The two theorems look similar. But, take a group $G$ which order can be decomposed as the product of primes : $|G| = p_1 p_2 p_3$.
In the first theorem the solvability is equivalent to the existence of subgroups of orders $\{p_1, p_2, p_3, p_1 p_2, p_2 p_3, p_1 p_3\}$ while the second theorem only require the existence of subgroups of orders $\{p_1 p_2, p_2 p_3, p_1 p_3\}$.
My question: is the first theorem just a stronger version of the second one, with more requirements, but also providing an equivalence instead of a sufficient condition for solvability ? Or am I missing some other similarities / differences ?

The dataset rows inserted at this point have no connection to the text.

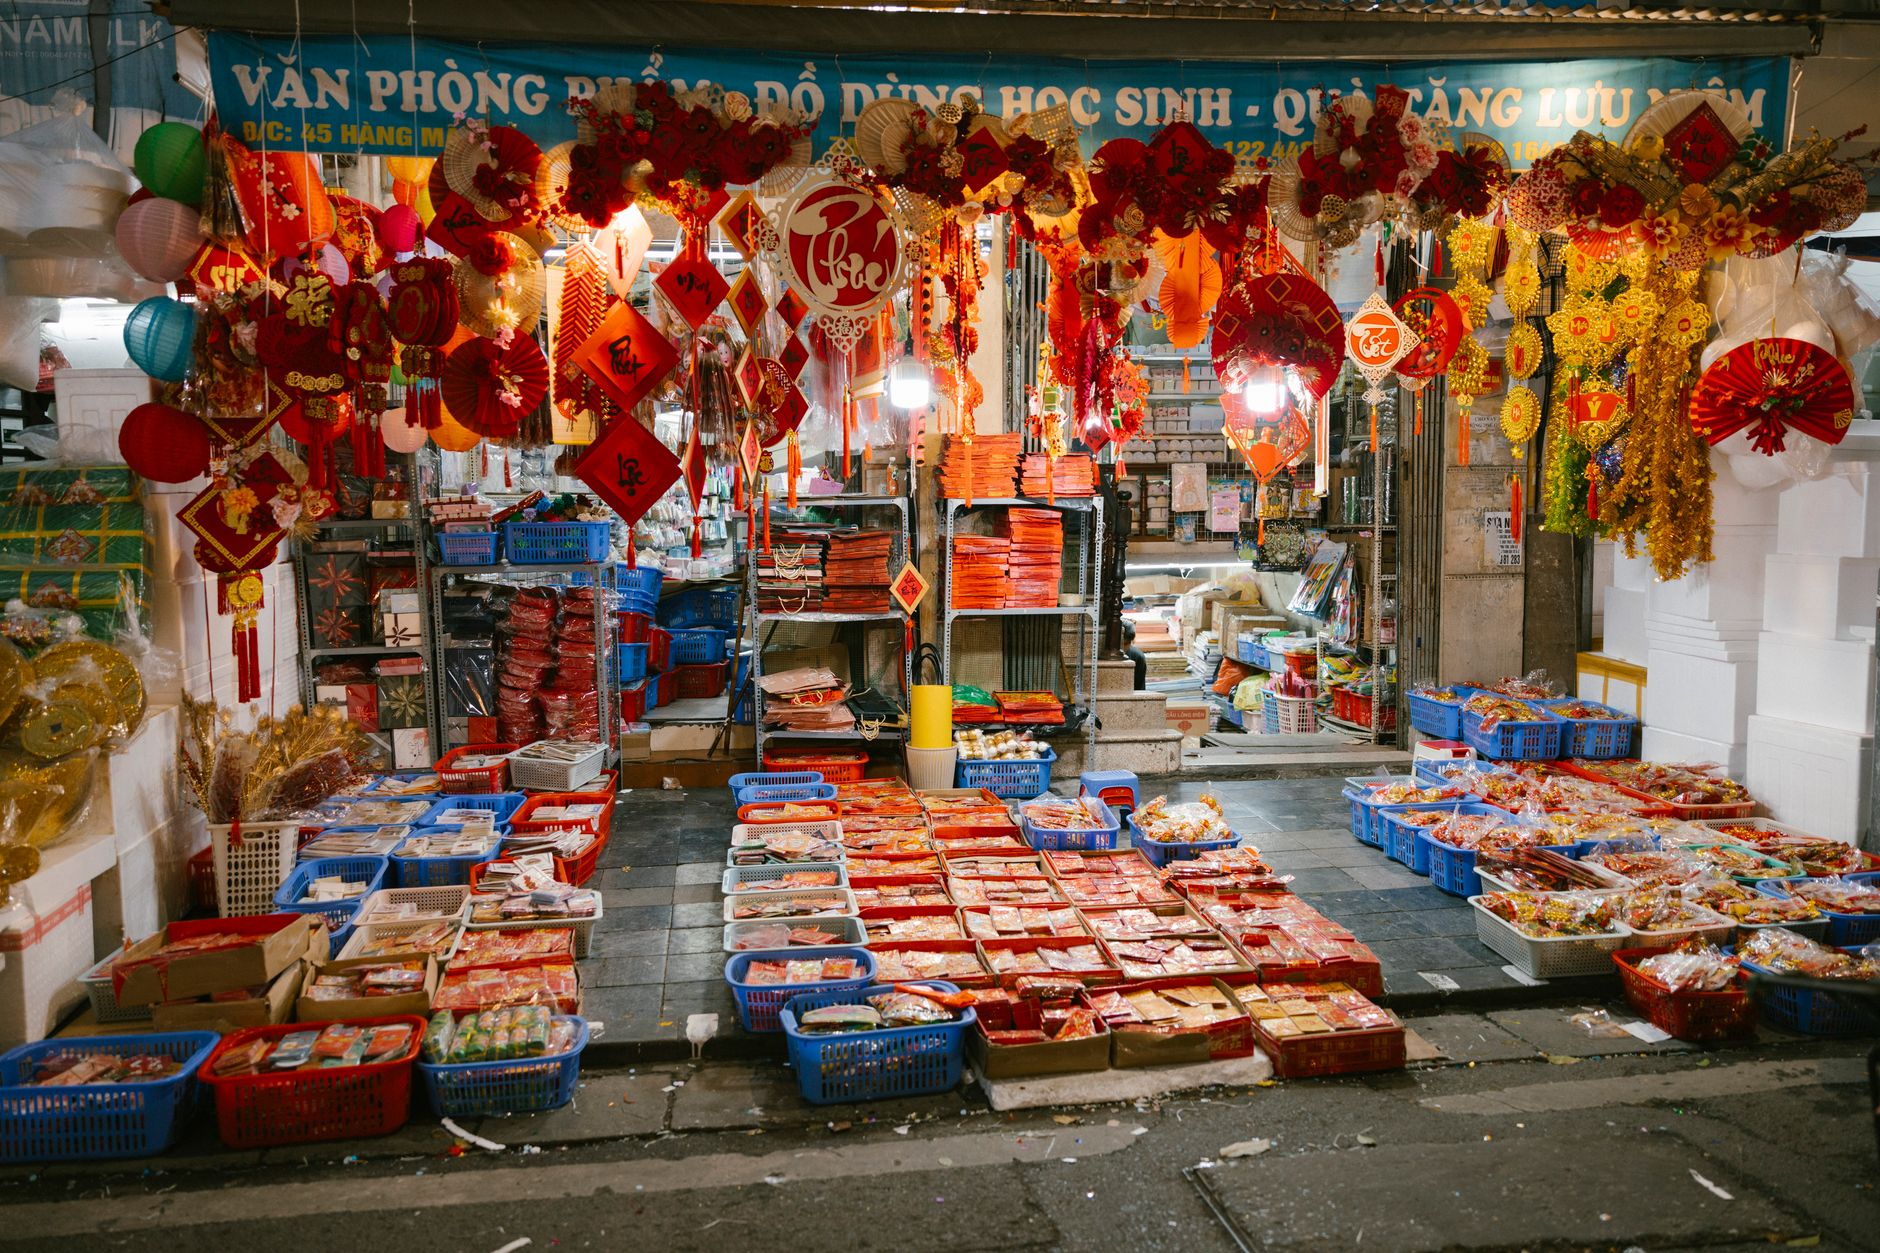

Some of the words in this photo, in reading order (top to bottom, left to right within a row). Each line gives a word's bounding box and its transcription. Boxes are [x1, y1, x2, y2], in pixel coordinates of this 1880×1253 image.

[232, 53, 350, 111] VĂN
[366, 59, 549, 116] PHÒNG
[754, 62, 825, 122] ĐỒ
[1115, 87, 1232, 127] SINH
[1536, 80, 1634, 128] LƯU
[243, 121, 292, 143] Đ/C:
[301, 123, 332, 144] 45
[341, 121, 413, 147] HÀNG
[1586, 395, 1602, 418] Ý
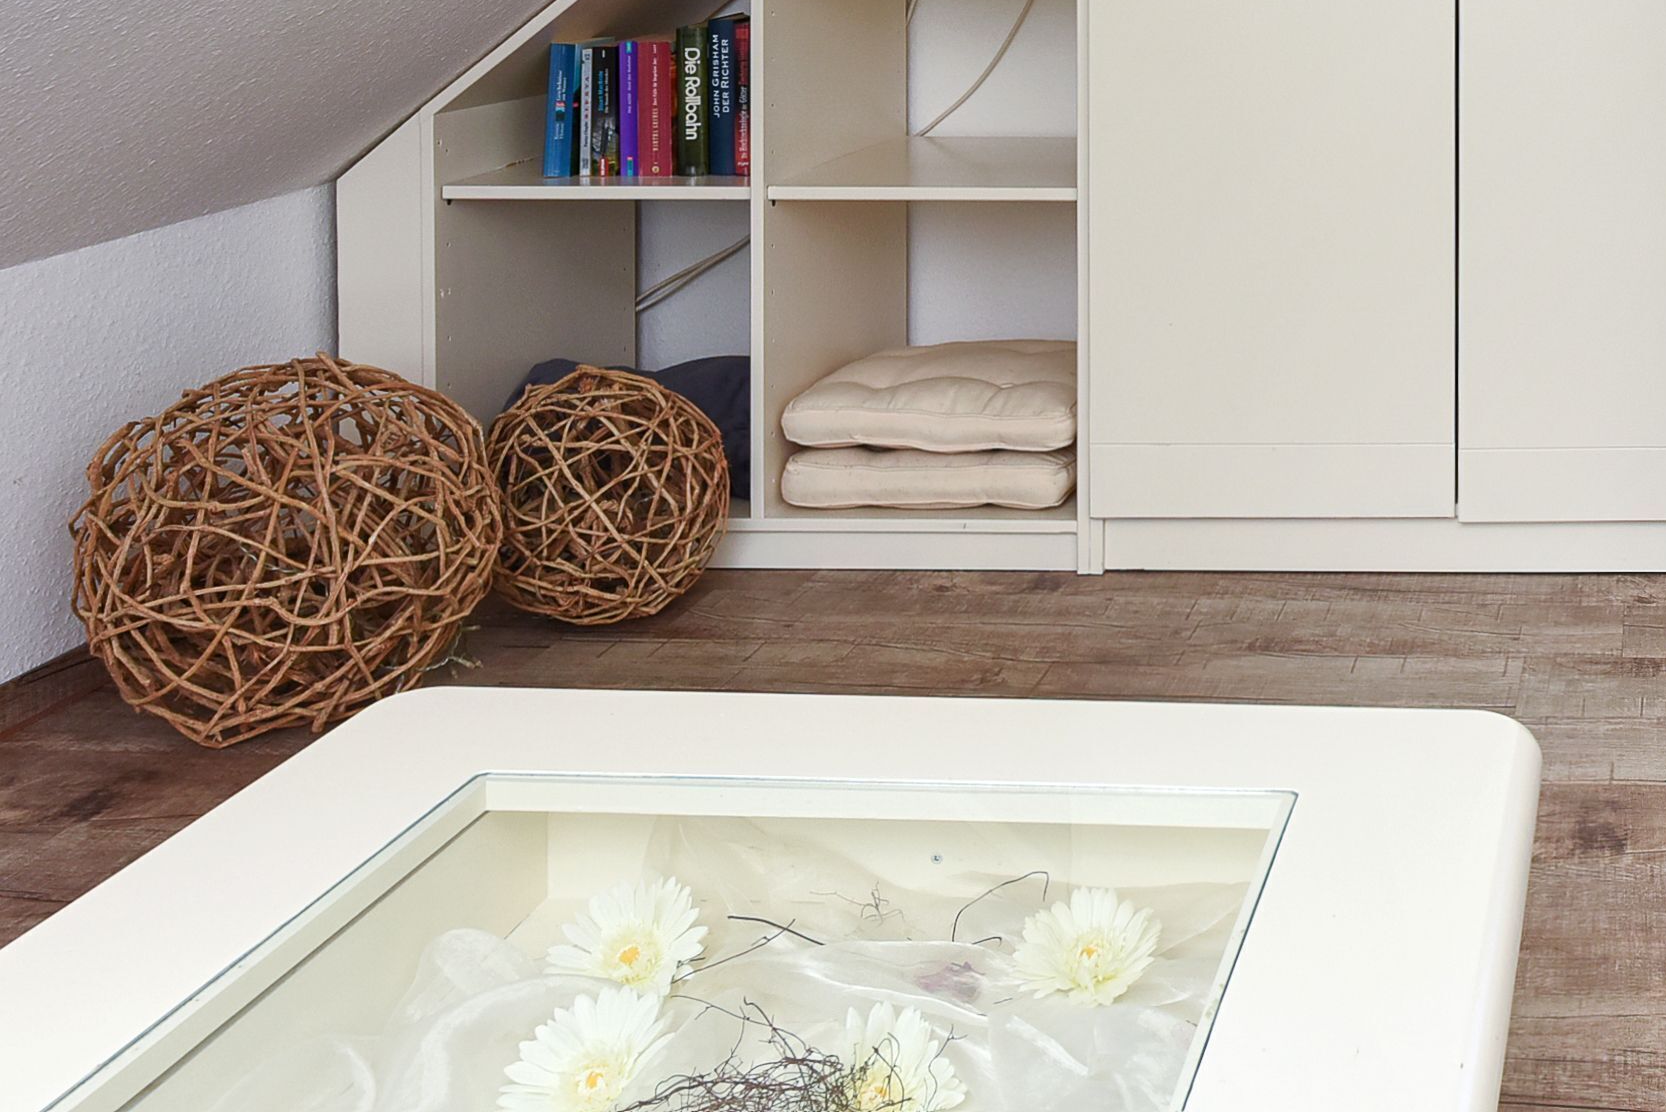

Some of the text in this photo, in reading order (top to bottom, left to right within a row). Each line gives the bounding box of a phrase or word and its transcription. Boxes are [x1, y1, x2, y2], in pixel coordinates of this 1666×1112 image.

[685, 48, 700, 140] Die Rollbahn
[711, 34, 720, 118] JOHN GRISHAM
[721, 38, 730, 113] DER RICHTER

A Hall $\pi$-subgroup of a finite group $G$ is a subgroup $H$ of $G$ such that $H$ is a $\pi$-group and no prime in $\pi$ divides $|G:H|$. Hall's theorem is that a finite group $G$ is soluble if and only if $G$ possesses Hall $p'$-subgroups for all primes $p$, where $p'$ is the set of all primes other than $p$. If $p\nmid |G|$ then a Hall $p'$-subgroup is simply $G$ itself, so this is only interesting for $p\mid |G|$.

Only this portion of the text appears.